All else aside, don't try to return a pointer to a local variable unless it's defined as 'static'.

gfvalvo:
All else aside, don’t try to return a pointer to a local variable unless it’s defined as ‘static’.

Edit the code… again

``````void setup() {

testCounter(3);

}

void loop() {
// put your main code here, to run repeatedly:
}

char testCounter(int countx){
char a[10];
strcpy(a, "COUNTER: ");
strcat(a, printDigits(countx));
return a;
}

char printDigits(int digits){
char a[3];
if(digits < 10) {
a = strcat("0",(char) digits);
} else {
a = (char) digits;
}
return a;
}
``````

Now… error: invalid conversion from ‘char’ to ‘const char*’ [-fpermissive] in printDigits function line:

``````a = strcat("0",(char) digits);
``````

Plese help…

``````a = strcat("0",(char) digits);
``````

Have you read the reference page for strcat? Does this seem like a good idea?

Also, you're still trying to return a pointer to a local variable.

gfvalvo:

``````a = strcat("0",(char) digits);
``````

Have you read the reference page for strcat? Does this seem like a good idea?

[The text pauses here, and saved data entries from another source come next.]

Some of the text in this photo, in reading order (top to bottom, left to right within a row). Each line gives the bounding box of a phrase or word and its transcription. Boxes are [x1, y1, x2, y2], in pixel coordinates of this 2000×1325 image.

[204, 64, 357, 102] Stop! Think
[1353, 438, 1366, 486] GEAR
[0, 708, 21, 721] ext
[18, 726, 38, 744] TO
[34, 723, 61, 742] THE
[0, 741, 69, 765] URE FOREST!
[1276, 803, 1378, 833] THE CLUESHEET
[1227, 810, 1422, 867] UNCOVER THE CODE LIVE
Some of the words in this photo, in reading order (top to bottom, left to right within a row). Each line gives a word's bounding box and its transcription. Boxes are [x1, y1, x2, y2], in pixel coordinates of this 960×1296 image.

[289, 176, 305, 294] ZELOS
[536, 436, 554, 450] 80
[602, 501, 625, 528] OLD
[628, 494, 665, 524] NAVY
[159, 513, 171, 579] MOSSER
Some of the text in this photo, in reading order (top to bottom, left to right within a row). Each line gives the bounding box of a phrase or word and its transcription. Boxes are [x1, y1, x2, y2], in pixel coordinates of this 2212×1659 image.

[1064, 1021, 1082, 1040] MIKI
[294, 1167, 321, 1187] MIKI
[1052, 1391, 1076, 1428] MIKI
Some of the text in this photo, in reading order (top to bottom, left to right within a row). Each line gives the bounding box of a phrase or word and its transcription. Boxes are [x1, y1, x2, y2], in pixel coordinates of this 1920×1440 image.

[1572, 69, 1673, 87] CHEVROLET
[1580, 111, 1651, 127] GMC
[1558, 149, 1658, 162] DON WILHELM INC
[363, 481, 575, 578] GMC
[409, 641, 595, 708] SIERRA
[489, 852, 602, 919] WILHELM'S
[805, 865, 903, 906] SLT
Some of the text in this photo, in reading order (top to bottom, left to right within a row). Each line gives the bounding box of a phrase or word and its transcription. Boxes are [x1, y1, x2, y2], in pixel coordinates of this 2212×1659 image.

Also, you’re still trying to return a pointer to a local variable.

gfvalvo…

Thanks a lot for the guidance.

Edit the code:

``````void setup() {

testCounter(3);

}

void loop() {
// put your main code here, to run repeatedly:
}

char testCounter(int countx){
char a[10];
strcpy(a, "COUNTER: ");
strcat(a, printDigits(countx));
return a;
}

char printDigits(int digits){
char a[3];
if(digits < 10) {
strcpy(a, "0");
sprintf(a,"%d",digits);
} else {
sprintf(a,"%d",digits);
}
return a;
}
``````

Error: invalid conversion from ‘char’ to ‘const char*’ [-fpermissive] in testCounter function line:

``````strcat(a, printDigits(countx));
``````

I don’t understand this part of error.

printDigits function return char, so… strcat should be work. But why still error?

The code is a train wreck. Problems:

• Your function 'printDigits()' is claimed to return a char but it's trying to return 'a'. As I've told you multiple times, 'a' is a pointer to a local variable. Don't try to return it. The array it points to ceases to exist after the function returns.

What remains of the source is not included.